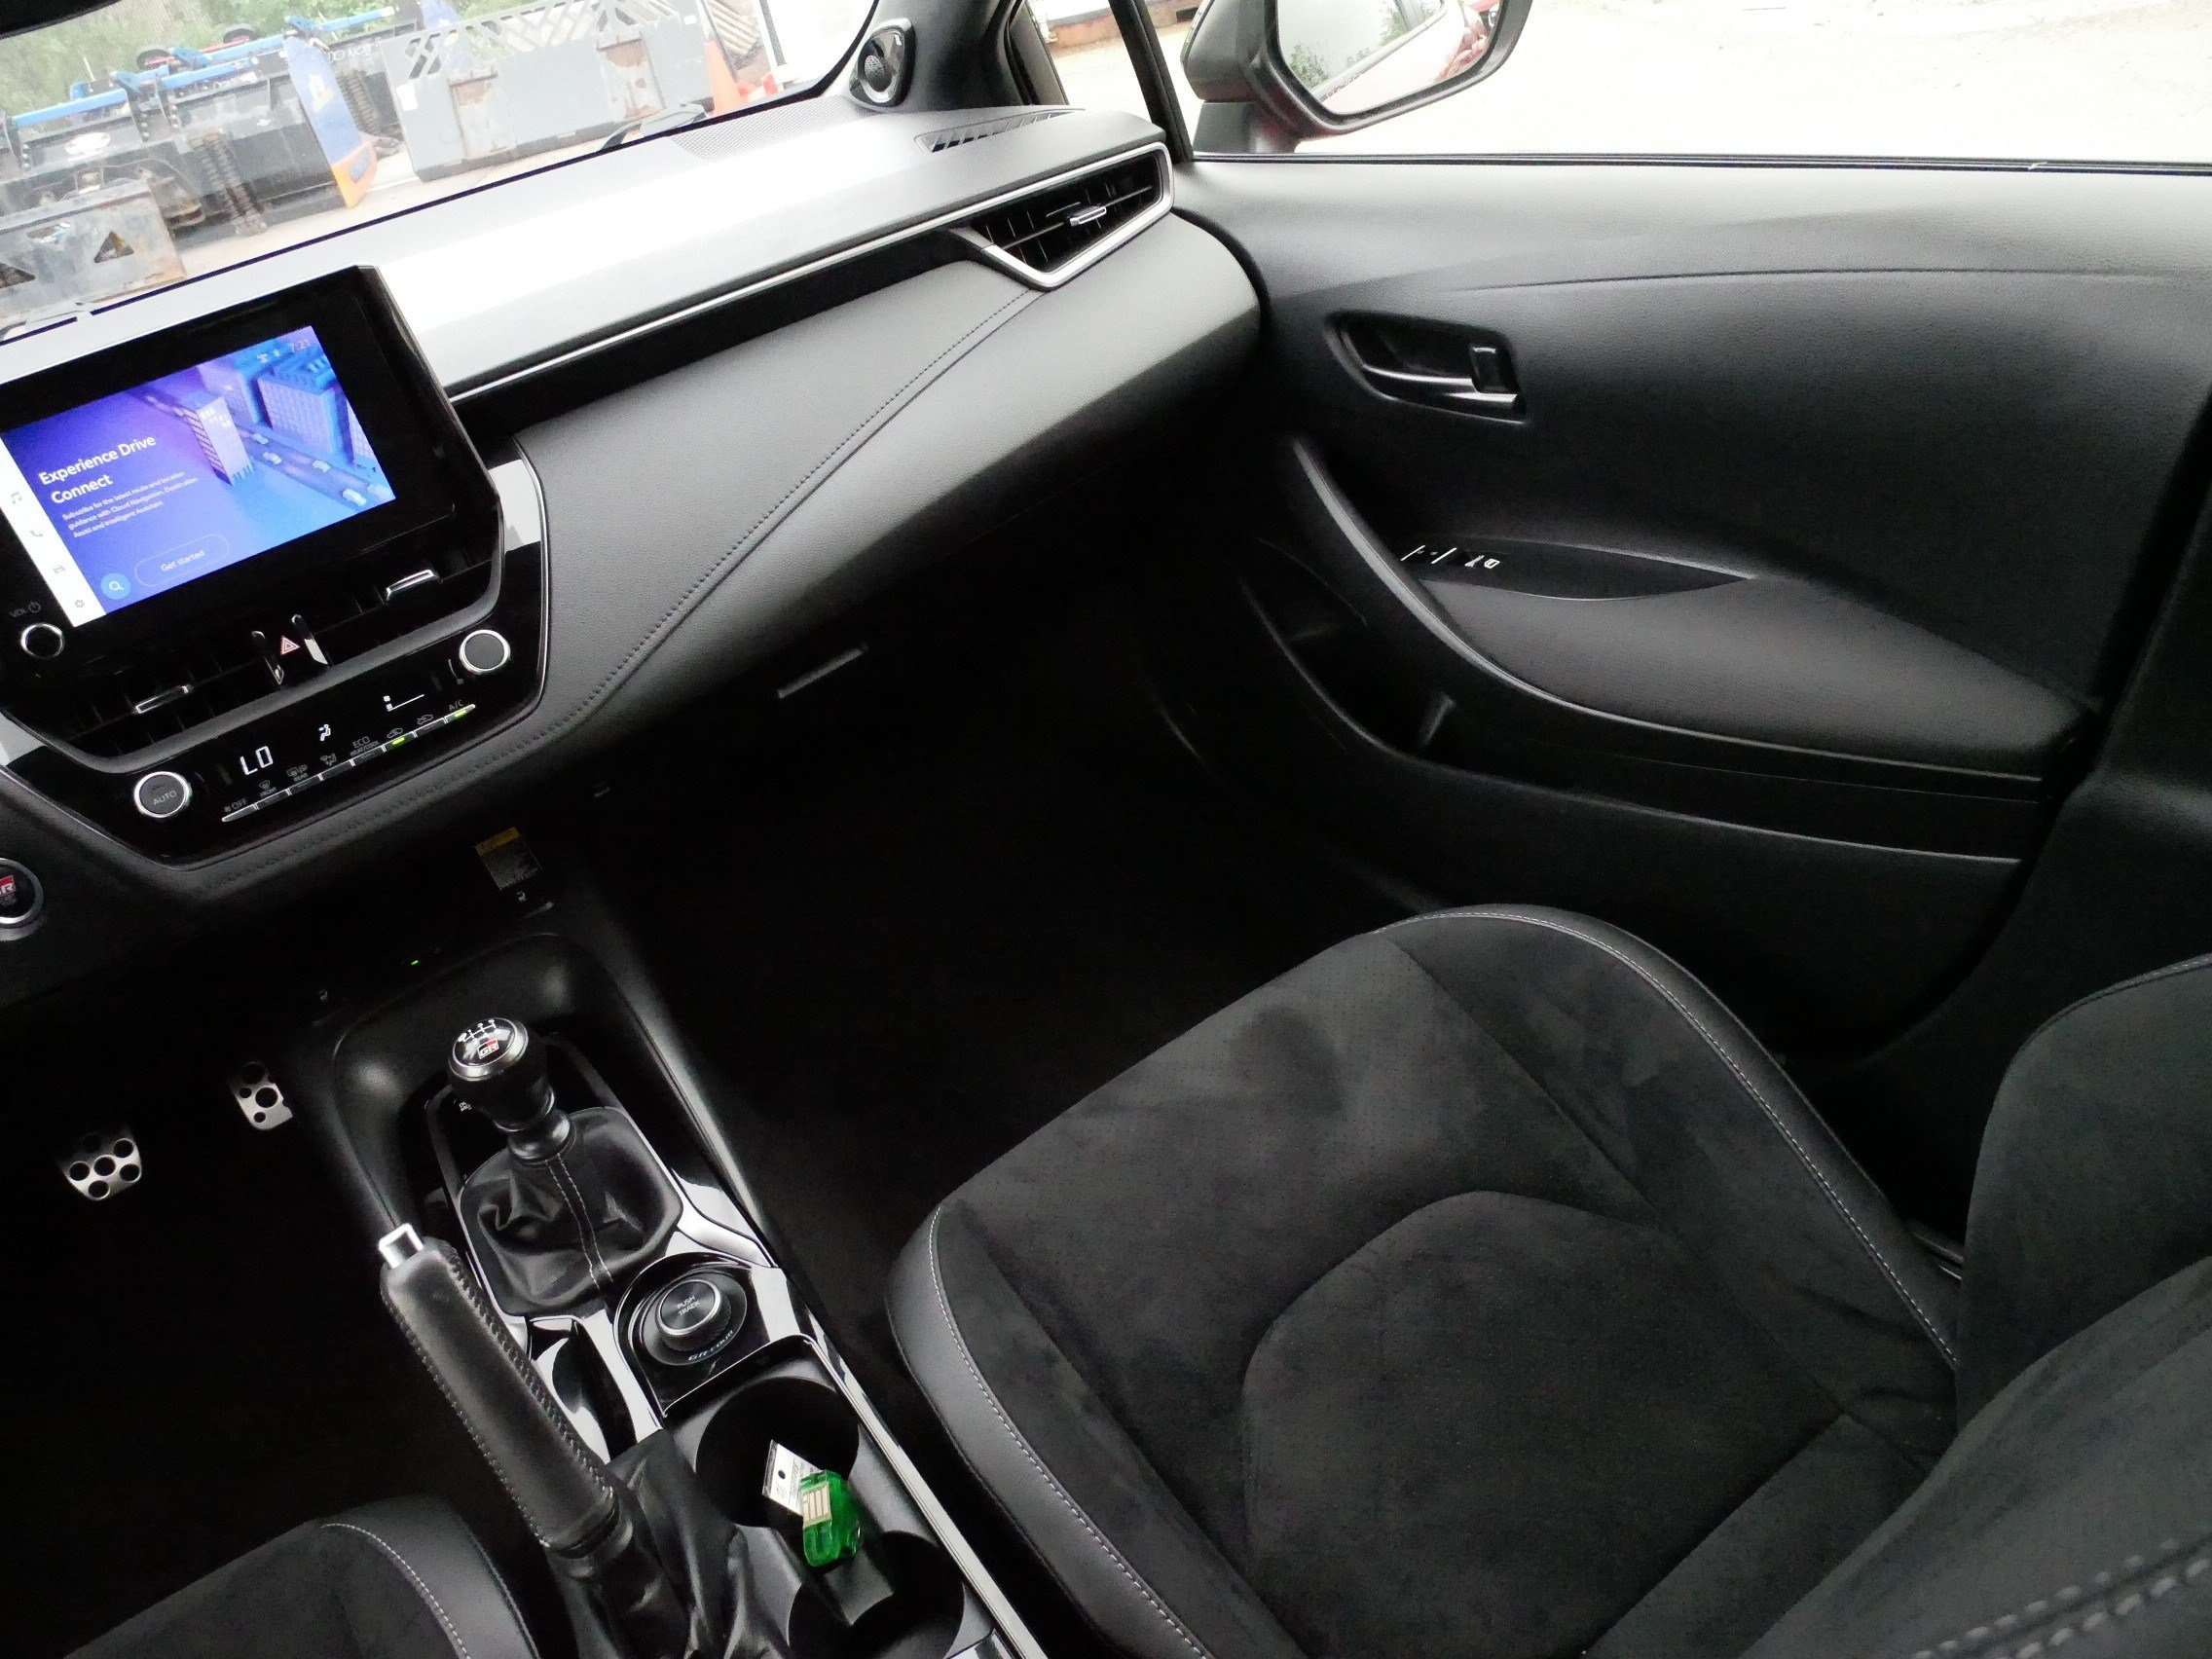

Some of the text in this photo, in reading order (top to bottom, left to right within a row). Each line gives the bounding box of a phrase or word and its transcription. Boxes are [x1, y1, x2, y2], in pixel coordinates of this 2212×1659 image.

[38, 436, 157, 486] Experience Drive
[51, 474, 113, 504] Connect
[62, 505, 93, 521] Subscribe
[161, 471, 186, 484] location
[68, 515, 97, 531] guidance
[96, 509, 111, 518] with
[111, 500, 130, 512] Cloud
[161, 550, 205, 571] Get started
[449, 700, 464, 712] A/C
[352, 736, 370, 750] ECO
[240, 746, 274, 775] LO
[153, 790, 177, 805] AUTO
[231, 797, 248, 810] OFF
[677, 1295, 695, 1309] PUSH
[678, 1300, 700, 1316] TRACK
========
#### [What to produce]
Return the full material word for word. Do not include the pictures.

#### [Problem solution]
Some of the text in this photo, in reading order (top to bottom, left to right within a row). Each line gives the bounding box of a phrase or word and its transcription. Boxes are [x1, y1, x2, y2], in pixel coordinates of this 2212×1659 image.

[38, 436, 157, 486] Experience Drive
[51, 474, 113, 504] Connect
[62, 505, 93, 521] Subscribe
[161, 471, 186, 484] location
[68, 515, 97, 531] guidance
[96, 509, 111, 518] with
[111, 500, 130, 512] Cloud
[161, 550, 205, 571] Get started
[449, 700, 464, 712] A/C
[352, 736, 370, 750] ECO
[240, 746, 274, 775] LO
[153, 790, 177, 805] AUTO
[231, 797, 248, 810] OFF
[677, 1295, 695, 1309] PUSH
[678, 1300, 700, 1316] TRACK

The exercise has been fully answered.